Nonprofit Life Plan Communities face the conundrum of upholding longstanding missions to provide lifelong care, regardless of residents’ means or abilities, while facing escalating financial pressures on operations. Skilled nursing rightsizing is unique to each senior living provider, but it typically entails downsizing “high care” and managing the payor mix.
Complex Care is Adding to Cost Pressures
As Life Plan Communities implement strategies to help residents stay healthier for longer periods and access to in-home care increases, community sponsors report that skilled nursing care is becoming a much shorter term, but more costly “very end of life” stay for most.
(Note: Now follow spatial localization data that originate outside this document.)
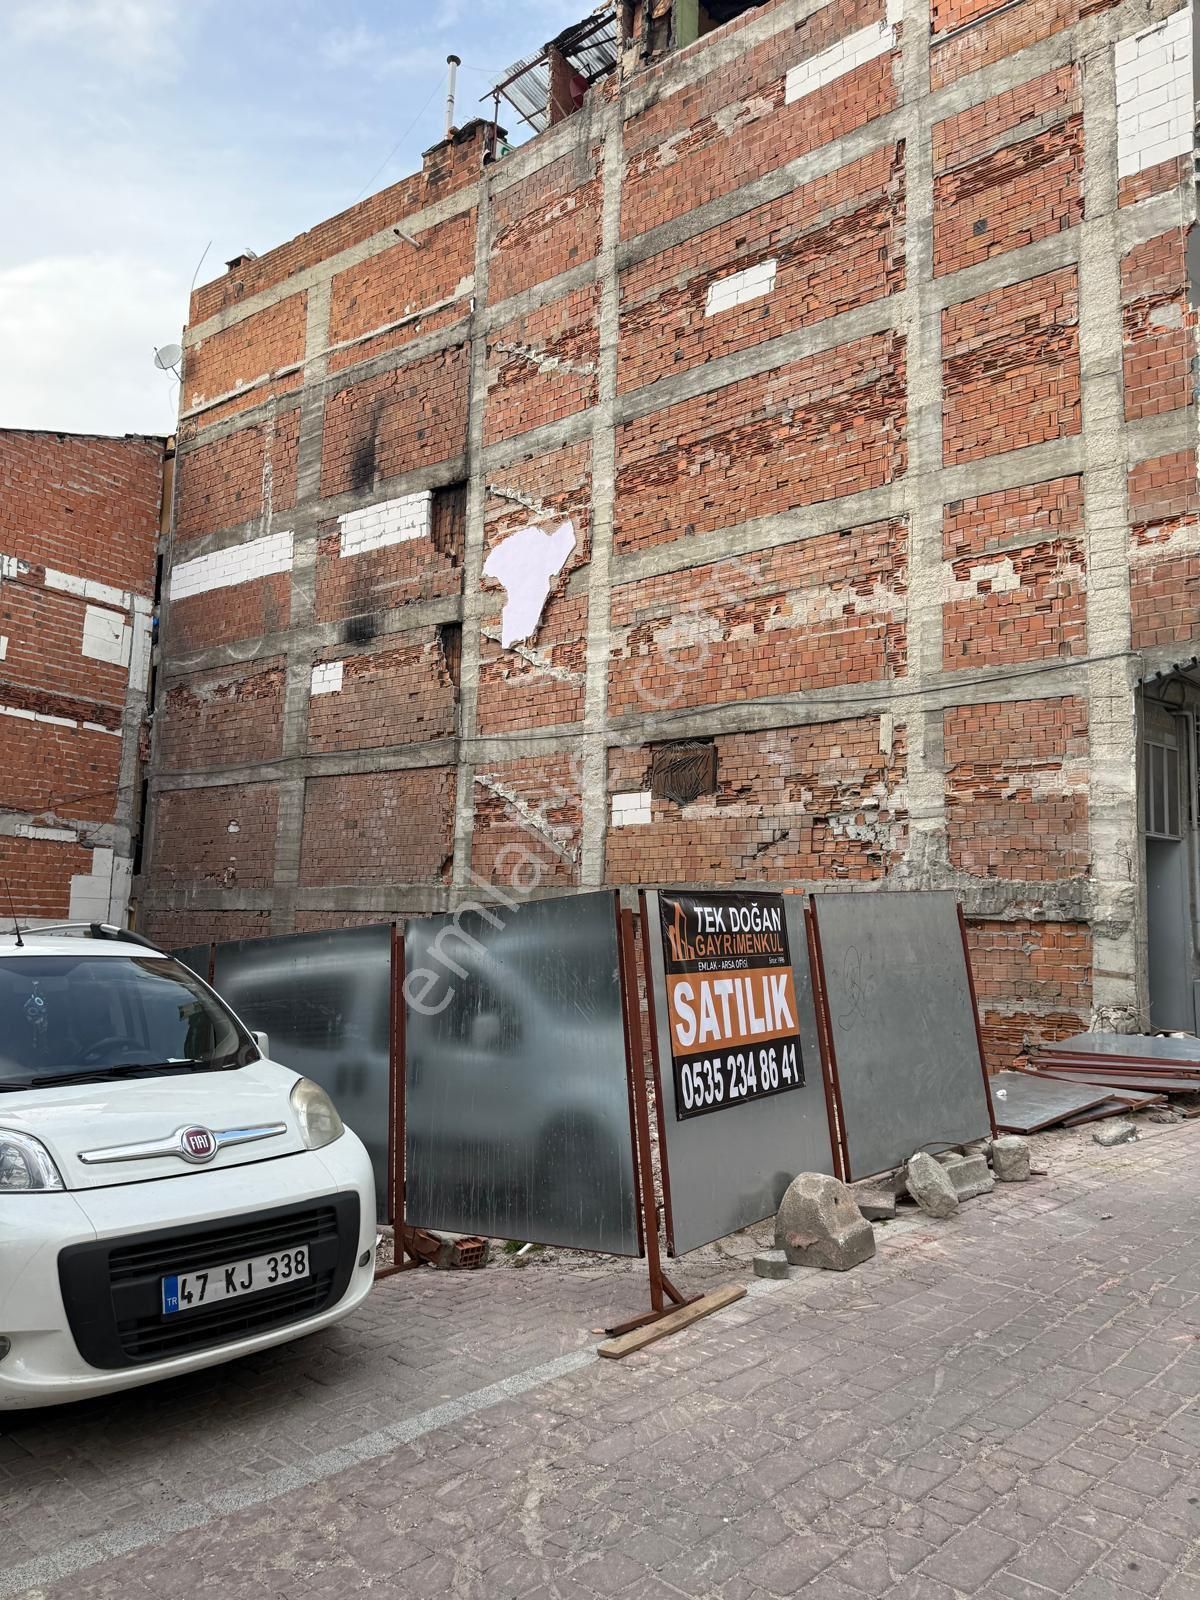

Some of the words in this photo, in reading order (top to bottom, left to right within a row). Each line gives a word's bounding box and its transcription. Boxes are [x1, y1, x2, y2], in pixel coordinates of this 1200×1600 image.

[694, 907, 726, 933] TEK
[729, 902, 781, 932] DOĞAN
[698, 961, 718, 971] EMLAK
[721, 960, 735, 969] ARSA
[673, 974, 795, 1047] SATILIK
[681, 1058, 724, 1109] 0535
[727, 1051, 757, 1098] 234
[759, 1047, 779, 1090] 86
[782, 1043, 799, 1084] 41
[189, 1135, 208, 1150] FIAT
[167, 1296, 178, 1306] TR
[181, 1273, 209, 1304] 47
[225, 1263, 253, 1293] KJ
[267, 1250, 305, 1283] 338
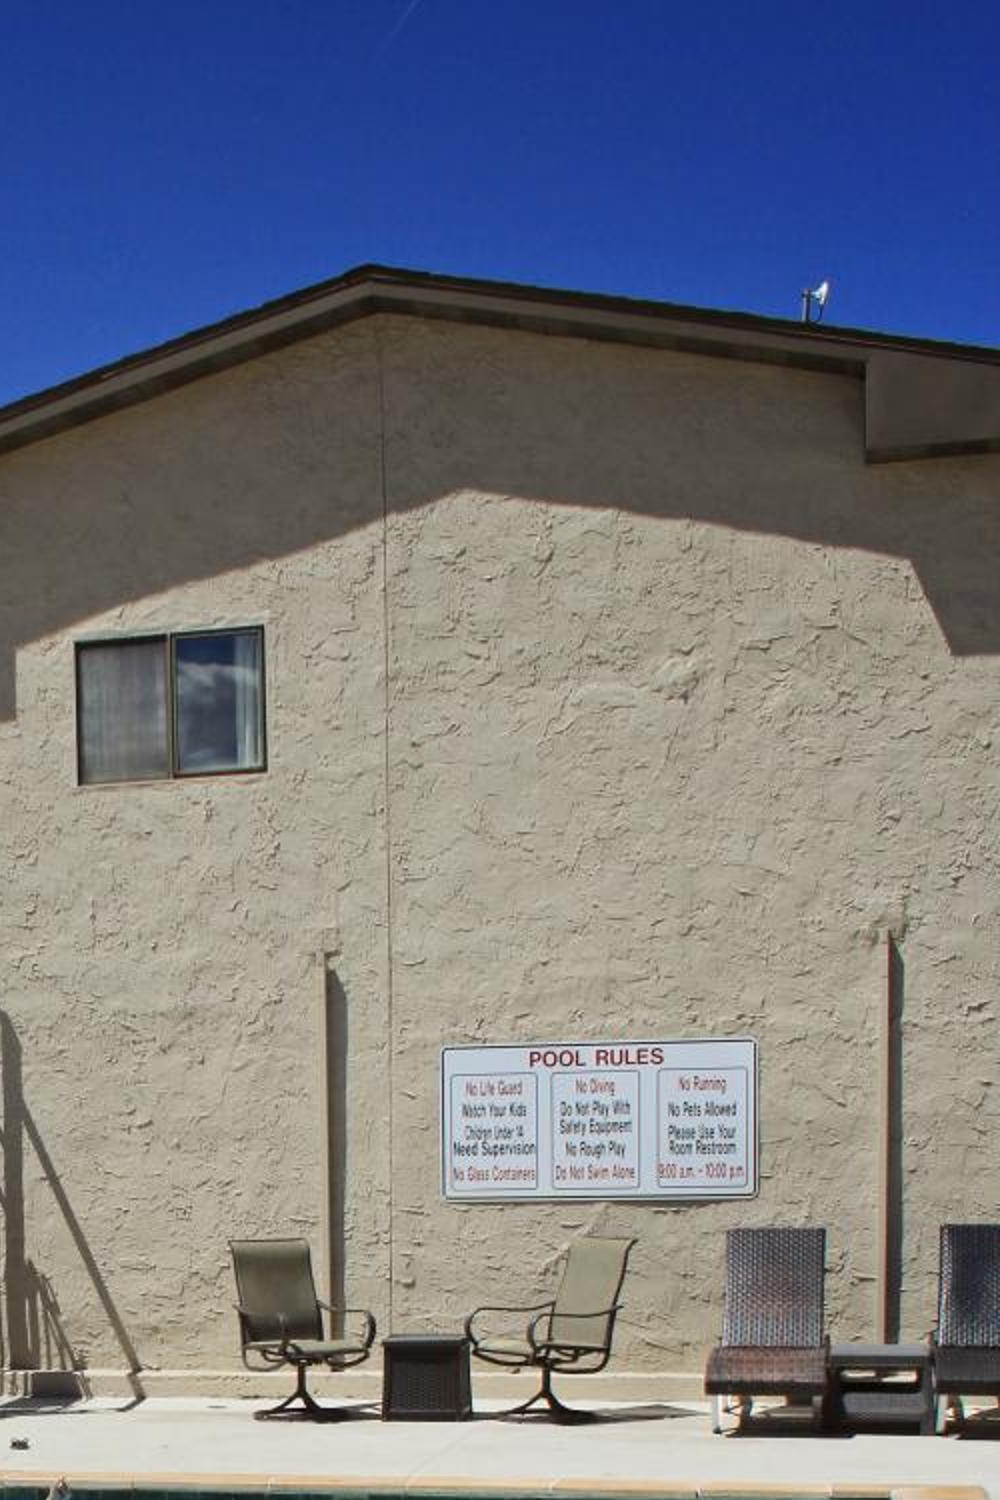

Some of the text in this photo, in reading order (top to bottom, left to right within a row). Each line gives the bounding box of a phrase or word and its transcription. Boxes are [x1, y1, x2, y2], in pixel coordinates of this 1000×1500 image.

[529, 1047, 665, 1067] POOL RULES
[465, 1080, 522, 1096] No Life Guard
[575, 1078, 615, 1096] No Diving
[679, 1076, 727, 1094] No Running
[462, 1102, 527, 1118] Watch Your Kids
[560, 1100, 630, 1118] Do Not Play With
[668, 1101, 737, 1117] No Pets Allowed
[464, 1125, 492, 1141] Children
[494, 1125, 513, 1141] Under
[560, 1118, 632, 1136] Safety Equipment
[668, 1124, 736, 1139] Please Use Your
[453, 1141, 536, 1159] Need Supervision
[565, 1140, 625, 1159] No Rough Play
[669, 1140, 737, 1155] Room Restroom
[453, 1165, 536, 1181] No Glass Containers
[556, 1164, 635, 1180] Do Not Swim Alone
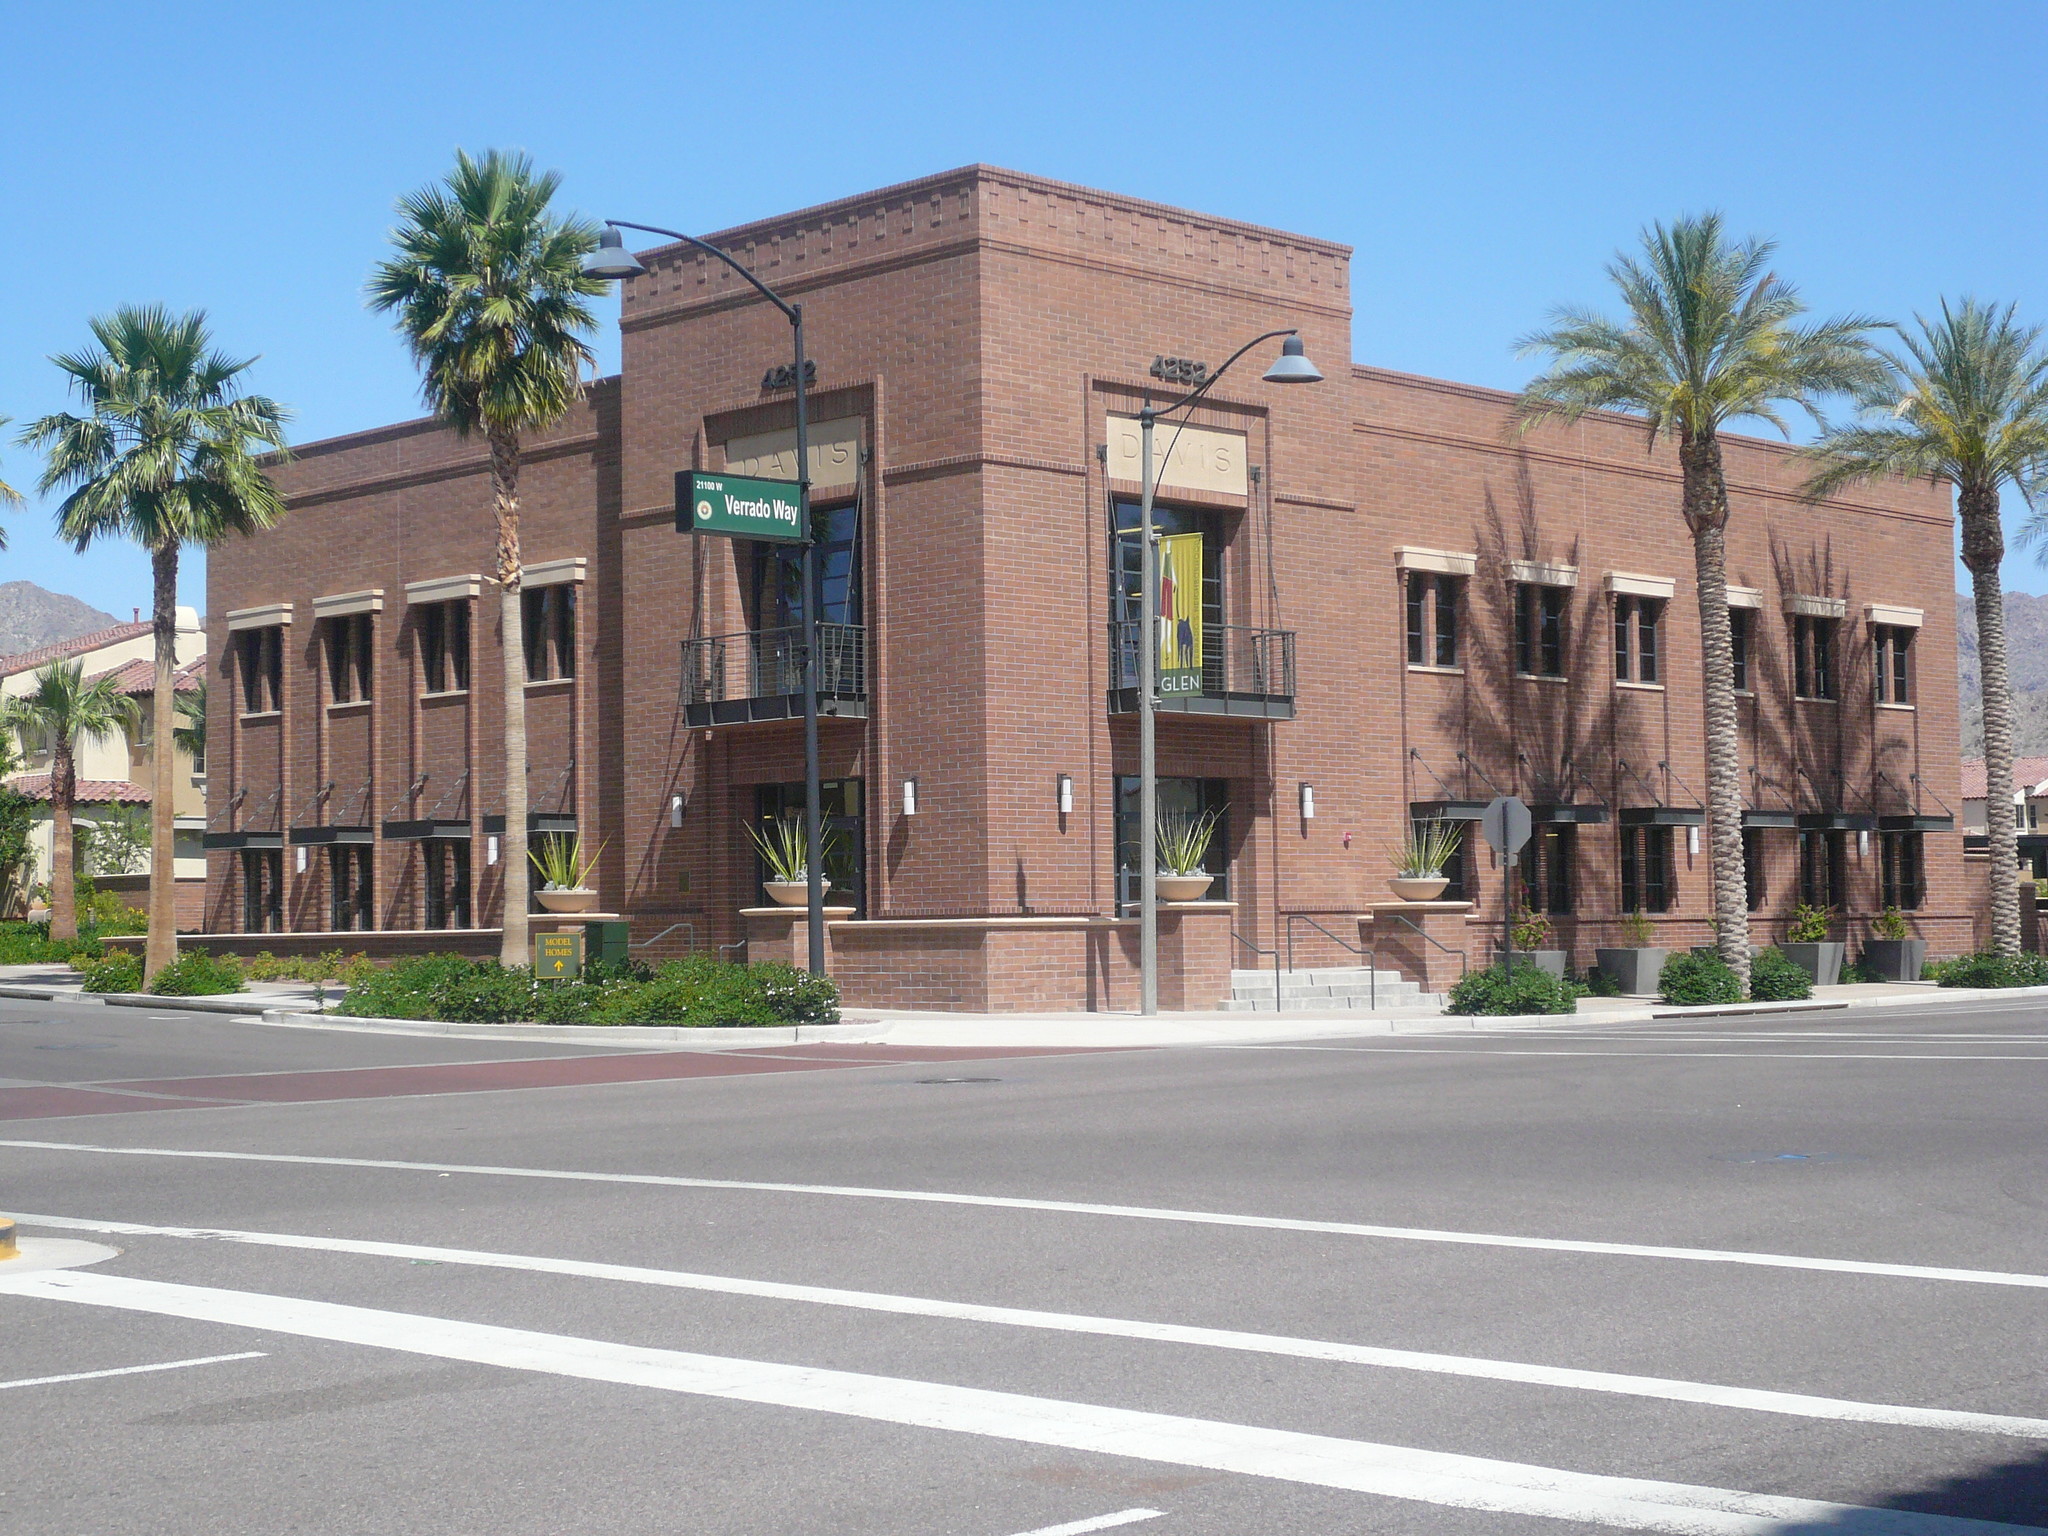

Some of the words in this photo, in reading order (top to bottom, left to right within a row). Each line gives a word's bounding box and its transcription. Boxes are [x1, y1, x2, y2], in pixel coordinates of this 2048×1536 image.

Even if committed to maintaining the full care continuum, Life Plan Communities must rightsize their offerings to close the gap between operational costs and insufficient reimbursements.
“As we move away from large brick-and-morter settings, with residential skilled nursing reserved for the most complex cases, providers must manage risk,” shares Kevin Schwab, CEO of Givens Communities in Asheville, NC. “A smaller skilled nursing facility will likely be more costly to operate and this will be compounded if a large number of residents stay there long enough to exhaust their resources.”
As community sponsors are exploring every opportunity to manage costs, a myriad of programming and design strategies have emerged:
- Economies of Scale
- At-Home Services
- Shared Rooms to Private
- Specialized Care Households
- Assisted Living / Personal Care
- Apartments / Concierge Living
- Creative Partnerships
It is impossible to know how current and evolving trends will impact skilled nursing in the future.
- Will more states provide viable reimbursement options for assisted living?
- Will the Centers for Medicare & Medicaid Services (CMS) moderate its anticipated minimum staffing proposal?
- Will the aging Boomer wave overwhelm the remaining Long Term Care system as fewer and fewer skilled nursing beds are available?
While we cannot predict specific outcomes, we know that a wave of people will reach the age when they are likely to need skilled nursing care at the precise moment when it may have nearly vanished from the senior living landscape. Now is the time to think how and where this critical care can be cost-effectively delivered.